Design of Direct-Type Tire-Pressure Monitoring System Based on SP37 Sensor [Sensors & Transducers (Canada)]
[April 22, 2014]

Design of Direct-Type Tire-Pressure Monitoring System Based on SP37 Sensor [Sensors & Transducers (Canada)]


(Sensors & Transducers (Canada) Via Acquire Media NewsEdge) Abstract: Tire pressure monitoring system (TPMS) can be effective in preventing tire burst. However, traditional TMPS mostly uses the combination of pressure sensor, microcontroller and radio frequency (RF) transmitter, with excessive discrete components, low integration, poor reliability and high power consumption. The use of special TPMS sensor chip SP37 to design tire pressure monitoring module can overcome these shortcomings. Direct-type tire pressure monitoring module was designed based on SP37, and central receiving module was designed using microcontroller ATMEGA16 and RF receiving chip MC33594. Thus, the real-time monitoring of tire pressure and temperature is achieved. SP37 working mode can be flexibly configured via software, and power management implemented by low-frequency arousal technology and software greatly reduces system power consumption. Moreover, integrated RF transmitter improves anti-interference capability to protect communication reliability. Copyright © 2013 IFSA.



Keywords: Wireless communication, TPMS, SP37.

(ProQuest: ... denotes formulae omitted.) 1. Introduction TPMS is a monitoring system used to monitor perspective blind area: tire pressure and temperature during vehicle driving.

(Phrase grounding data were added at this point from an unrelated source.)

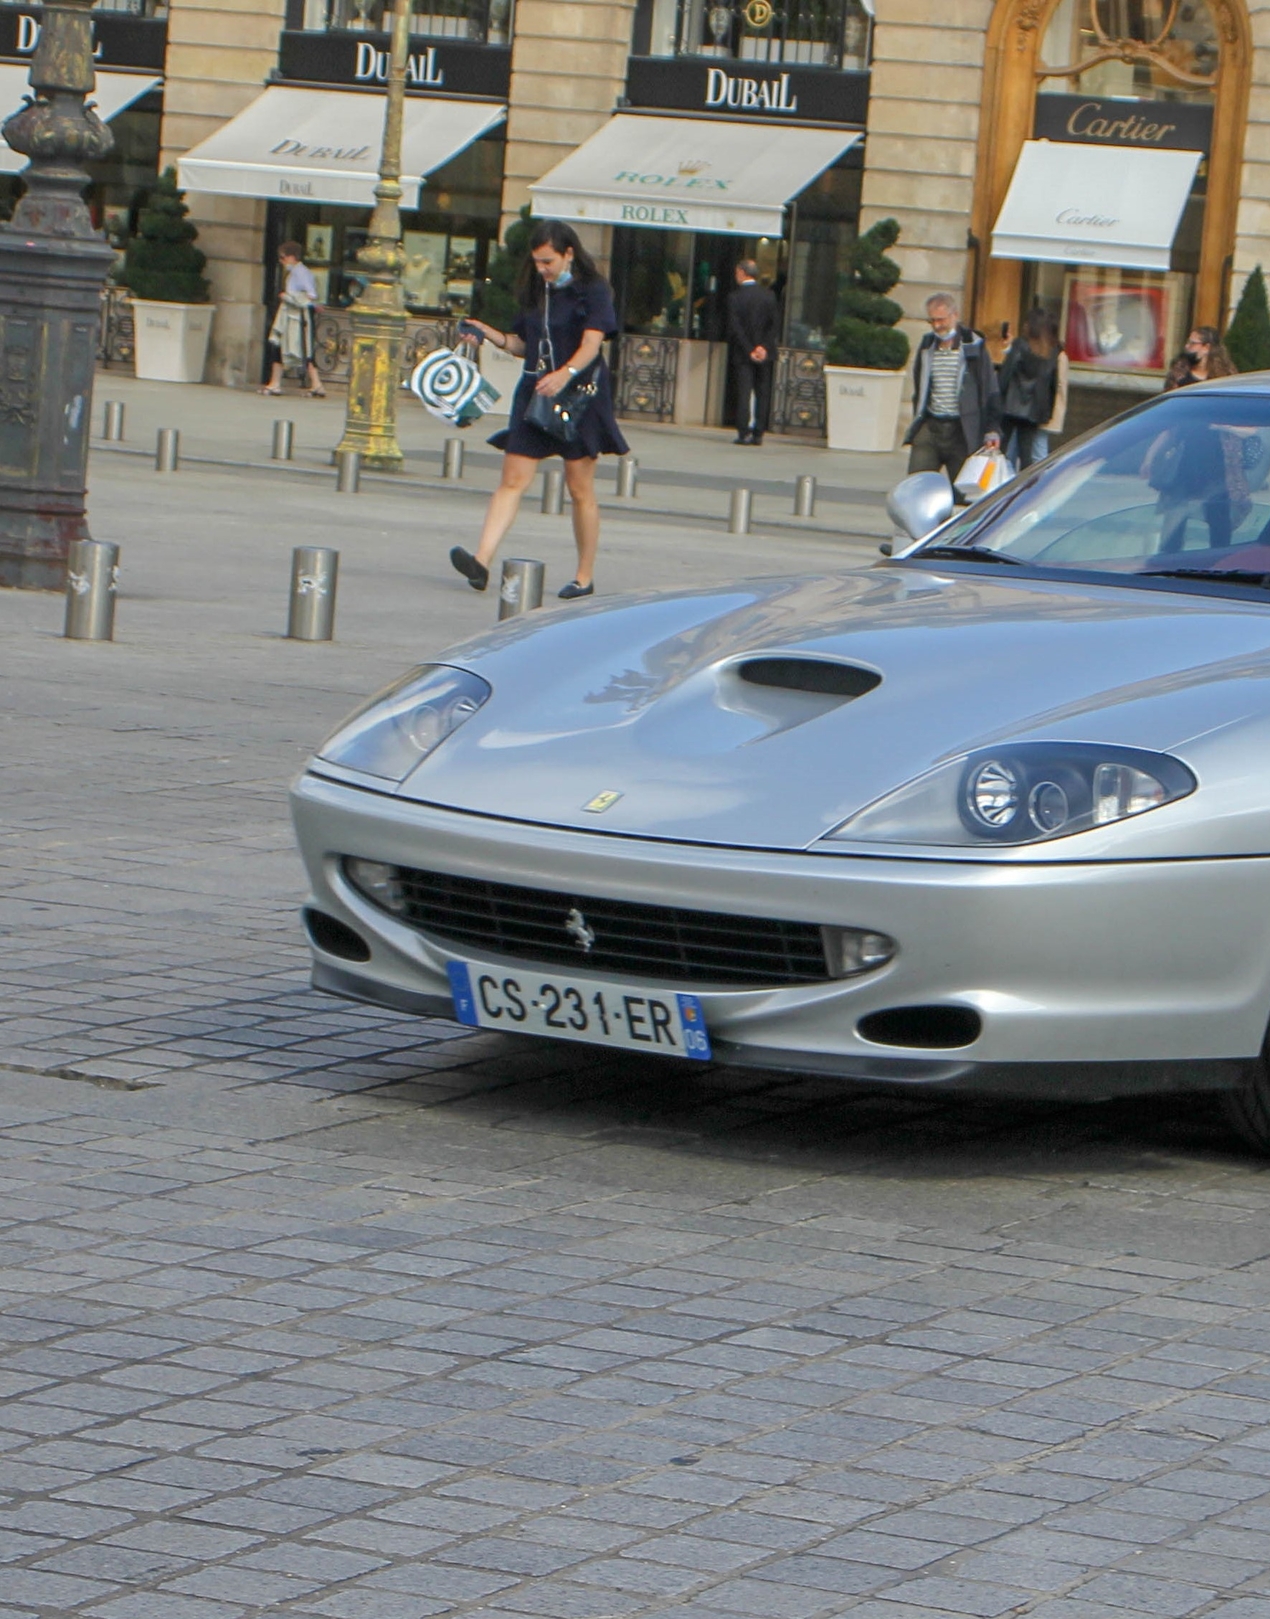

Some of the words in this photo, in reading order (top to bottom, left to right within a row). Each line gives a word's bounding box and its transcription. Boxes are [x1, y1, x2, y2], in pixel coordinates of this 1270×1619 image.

[355, 42, 443, 85] DUAIL
[1066, 102, 1176, 142] Cartier
[613, 171, 733, 190] ROLEX
[621, 204, 688, 224] ROLEX
[1056, 207, 1120, 227] Cartier
[479, 974, 677, 1046] CS-231-ER
[684, 1027, 706, 1052] 06

The low pressure, high pressure and high temperature of tire are the main reasons for tire burst. Sudden tire burst accidents accounted for above 70% within major traffic accidents on Chinese highway. Moreover, there are 260 thousand traffic accidents caused by high tire pressure or leakage in the U.S. every year. Therefore, the TPMS products for real-time tire-pressure detection came into being. The U.S. Congress on November 1, 2000 made law requiring new finished cars after November, 2003 taking TPMS as standard configuration, while the EU also made similar provisions [1]. TPMS mostly uses sensor+RF+MCU+antenna+cell solution at present with disadvantages such as low integration, small reliability, large volume and high power consumption. The pressure sensor chip SP37 of Infineon integrates not only pressure/temperature/acceleration sensor modules and MCU module, but also RF transmitter module. Therefore, the use of SP37 sensor to design TPMS clearly has a natural advantage. This work selected SP37 as tire pressure sensor and RF transmitter, Maxim MAX1473 as receiving chip and independent Philips CAN bus-controller SJA1000 to design a new TPMS.

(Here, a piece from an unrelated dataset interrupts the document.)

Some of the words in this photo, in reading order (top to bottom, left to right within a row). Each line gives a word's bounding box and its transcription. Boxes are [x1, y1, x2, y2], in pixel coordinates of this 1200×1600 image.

2. Overall TPMS Scheme There are two kinds of common TPMSs [2]. One is Wheel-Speed Based TPMS (abbreviation: WSB TPMS, or called indirect-type TPMS). This system monitors 4 wheel speed signals through the wheel speed sensor of ABS system. Tire diameter becomes large or small when certain tire pressure is too high or low, while wheel speed also correspondingly changes. Monitoring system will compare wheel speed change with previously stored standard value, and then it will give an alarm if tire pressure is too high or insufficient. Such system cannot judge the situation of more than two tires being lack of gas at the same time or speed exceeding 100 km/h, with complex system calibration. Failure tire positioning is not precise enough, and pressure values cannot be reflected visually and accurately. The other is Pressure-Sensor Based TPMS (abbreviation: PSB TPMS, or called direct-type TPMS). This system uses pressure sensor installed in each tire to directly measure tire pressure to display and monitor it. System will automatically turn on alarm when tire pressure is too low or there is leakage. Driver can intuitively understand every tire pressure condition through direct-type TPMS. In contrast, direct-type TPMS is superior to indirect-type TPMS in function and performance, so this system used the direct-type TPMS. It mainly consisted of four SP37 tire pressure monitoring modules installed in car and a central receiver module installed on driving platform. Four SP37 tire-pressure monitoring modules real-timely measured tire pressure, temperature and acceleration, and the measured signals were transmitted after modulated into high frequency signals. Central receiving module received the signals and displayed the received tire pressure, temperature data on the screen for driver to refer to. If tire pressure and temperature abnormalities occur, then central receiving module will give relevant alarm signal to remind driver to take necessary measures. System block diagram is shown in Fig. 1.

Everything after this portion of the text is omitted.